■ **Work to complete**: Within the entries below, every line containing "video" is to be copied.

■ **Records provided**:

__________

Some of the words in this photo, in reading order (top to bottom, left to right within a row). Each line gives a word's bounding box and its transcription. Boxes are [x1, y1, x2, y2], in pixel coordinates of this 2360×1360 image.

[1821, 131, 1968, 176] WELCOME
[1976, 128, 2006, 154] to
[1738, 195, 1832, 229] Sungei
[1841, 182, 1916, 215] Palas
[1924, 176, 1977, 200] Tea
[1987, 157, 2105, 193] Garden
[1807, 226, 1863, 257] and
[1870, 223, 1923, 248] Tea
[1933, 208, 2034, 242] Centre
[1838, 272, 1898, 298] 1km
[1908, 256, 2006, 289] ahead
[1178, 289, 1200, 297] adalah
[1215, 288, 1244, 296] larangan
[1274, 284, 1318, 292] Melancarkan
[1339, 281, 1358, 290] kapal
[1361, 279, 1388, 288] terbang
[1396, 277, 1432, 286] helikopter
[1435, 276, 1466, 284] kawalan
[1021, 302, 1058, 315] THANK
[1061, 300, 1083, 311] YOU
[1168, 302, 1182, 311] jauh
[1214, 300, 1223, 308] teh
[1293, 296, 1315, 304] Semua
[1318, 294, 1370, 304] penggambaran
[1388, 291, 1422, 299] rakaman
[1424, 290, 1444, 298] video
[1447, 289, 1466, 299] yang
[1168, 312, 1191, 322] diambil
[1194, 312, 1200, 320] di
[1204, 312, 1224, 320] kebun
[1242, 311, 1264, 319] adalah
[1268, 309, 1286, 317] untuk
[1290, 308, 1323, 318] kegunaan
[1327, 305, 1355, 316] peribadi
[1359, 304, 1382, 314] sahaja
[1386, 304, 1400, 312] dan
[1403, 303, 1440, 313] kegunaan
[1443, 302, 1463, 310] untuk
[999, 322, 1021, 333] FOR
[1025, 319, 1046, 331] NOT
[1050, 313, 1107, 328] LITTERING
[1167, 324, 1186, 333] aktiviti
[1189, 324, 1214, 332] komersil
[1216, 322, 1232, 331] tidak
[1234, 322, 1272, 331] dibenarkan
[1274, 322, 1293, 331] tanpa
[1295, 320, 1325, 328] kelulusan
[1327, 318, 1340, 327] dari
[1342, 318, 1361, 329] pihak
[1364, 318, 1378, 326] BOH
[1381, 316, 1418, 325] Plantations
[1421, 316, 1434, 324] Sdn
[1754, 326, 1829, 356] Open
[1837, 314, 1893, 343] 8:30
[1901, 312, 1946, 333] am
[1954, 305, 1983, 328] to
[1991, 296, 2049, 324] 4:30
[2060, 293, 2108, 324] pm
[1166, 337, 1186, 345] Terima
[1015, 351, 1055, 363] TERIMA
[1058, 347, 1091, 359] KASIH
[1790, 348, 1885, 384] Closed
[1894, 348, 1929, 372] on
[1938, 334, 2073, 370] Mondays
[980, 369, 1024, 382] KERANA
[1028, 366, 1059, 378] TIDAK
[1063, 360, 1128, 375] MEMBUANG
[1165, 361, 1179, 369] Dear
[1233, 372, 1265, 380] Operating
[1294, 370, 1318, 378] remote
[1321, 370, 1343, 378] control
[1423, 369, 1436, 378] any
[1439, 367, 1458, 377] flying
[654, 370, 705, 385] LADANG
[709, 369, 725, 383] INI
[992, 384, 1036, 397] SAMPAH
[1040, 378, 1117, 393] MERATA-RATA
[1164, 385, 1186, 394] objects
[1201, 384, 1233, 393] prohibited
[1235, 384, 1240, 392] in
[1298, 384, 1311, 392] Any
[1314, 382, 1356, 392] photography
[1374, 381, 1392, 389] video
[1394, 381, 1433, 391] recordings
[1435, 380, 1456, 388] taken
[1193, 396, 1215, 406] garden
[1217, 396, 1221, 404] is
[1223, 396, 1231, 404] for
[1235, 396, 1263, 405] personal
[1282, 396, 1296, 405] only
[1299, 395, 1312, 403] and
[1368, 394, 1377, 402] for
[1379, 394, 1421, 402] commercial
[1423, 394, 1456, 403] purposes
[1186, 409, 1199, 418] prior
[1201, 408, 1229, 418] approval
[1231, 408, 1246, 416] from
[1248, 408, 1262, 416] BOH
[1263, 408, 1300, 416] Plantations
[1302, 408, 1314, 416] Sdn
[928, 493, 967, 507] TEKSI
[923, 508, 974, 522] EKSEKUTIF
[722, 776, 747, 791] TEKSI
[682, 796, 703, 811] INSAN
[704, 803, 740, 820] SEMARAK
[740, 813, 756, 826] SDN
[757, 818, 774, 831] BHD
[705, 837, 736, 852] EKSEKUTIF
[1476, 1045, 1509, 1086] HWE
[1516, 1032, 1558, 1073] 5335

__________

■ **Output for this task**:
[1424, 290, 1444, 298] video
[1374, 381, 1392, 389] video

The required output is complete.